»»
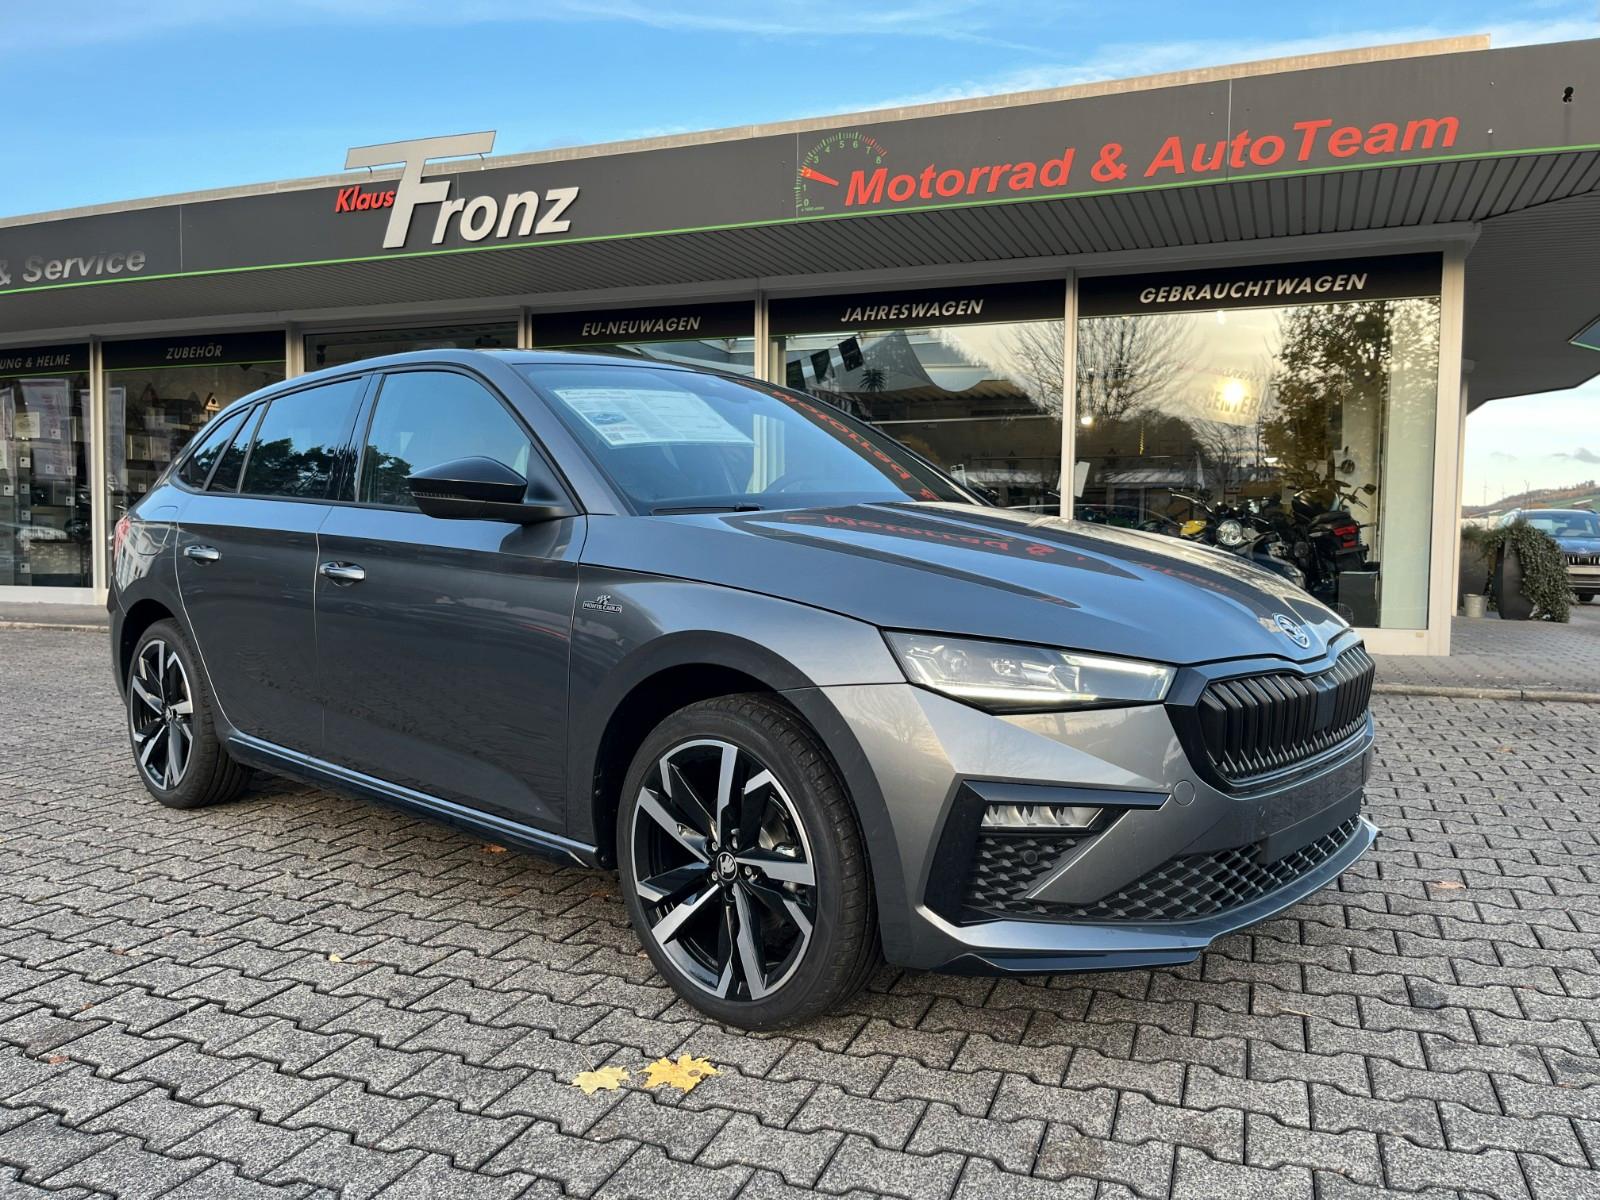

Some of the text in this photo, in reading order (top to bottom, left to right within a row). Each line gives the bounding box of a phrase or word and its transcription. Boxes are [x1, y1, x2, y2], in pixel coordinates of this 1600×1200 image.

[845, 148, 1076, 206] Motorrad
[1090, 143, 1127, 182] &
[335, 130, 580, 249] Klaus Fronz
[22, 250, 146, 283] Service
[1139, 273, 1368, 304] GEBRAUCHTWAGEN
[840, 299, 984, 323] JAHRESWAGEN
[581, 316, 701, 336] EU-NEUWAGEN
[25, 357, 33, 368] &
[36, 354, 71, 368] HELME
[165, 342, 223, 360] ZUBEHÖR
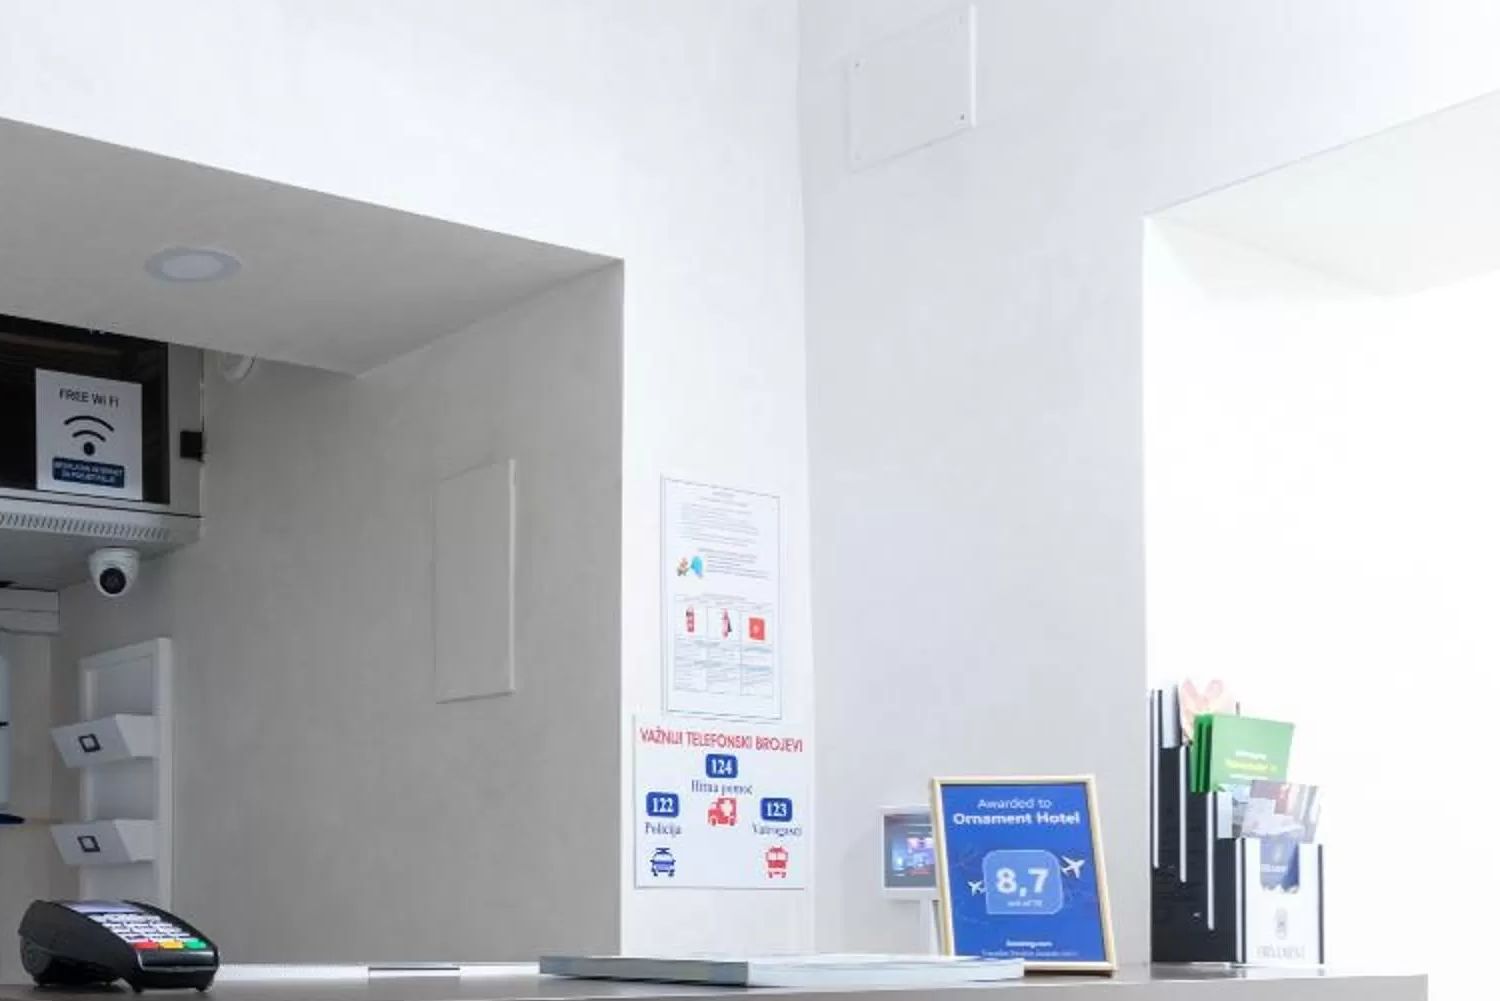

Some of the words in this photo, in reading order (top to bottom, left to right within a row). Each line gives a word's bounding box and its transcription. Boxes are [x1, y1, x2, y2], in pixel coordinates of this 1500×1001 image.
««
WHAT YOU SHOULD DO: Write out each entry again exactly, and skip the pictures.

WRITTEN SOLUTION:
Some of the text in this photo, in reading order (top to bottom, left to right within a row). Each line gives the bounding box of a phrase or word and its transcription. Boxes are [x1, y1, x2, y2], in pixel coordinates of this 1600×1200 image.

[845, 148, 1076, 206] Motorrad
[1090, 143, 1127, 182] &
[335, 130, 580, 249] Klaus Fronz
[22, 250, 146, 283] Service
[1139, 273, 1368, 304] GEBRAUCHTWAGEN
[840, 299, 984, 323] JAHRESWAGEN
[581, 316, 701, 336] EU-NEUWAGEN
[25, 357, 33, 368] &
[36, 354, 71, 368] HELME
[165, 342, 223, 360] ZUBEHÖR

Some of the words in this photo, in reading order (top to bottom, left to right within a row). Each line gives a word's bounding box and its transcription. Boxes are [x1, y1, x2, y2], in pixel coordinates of this 1500×1001 image.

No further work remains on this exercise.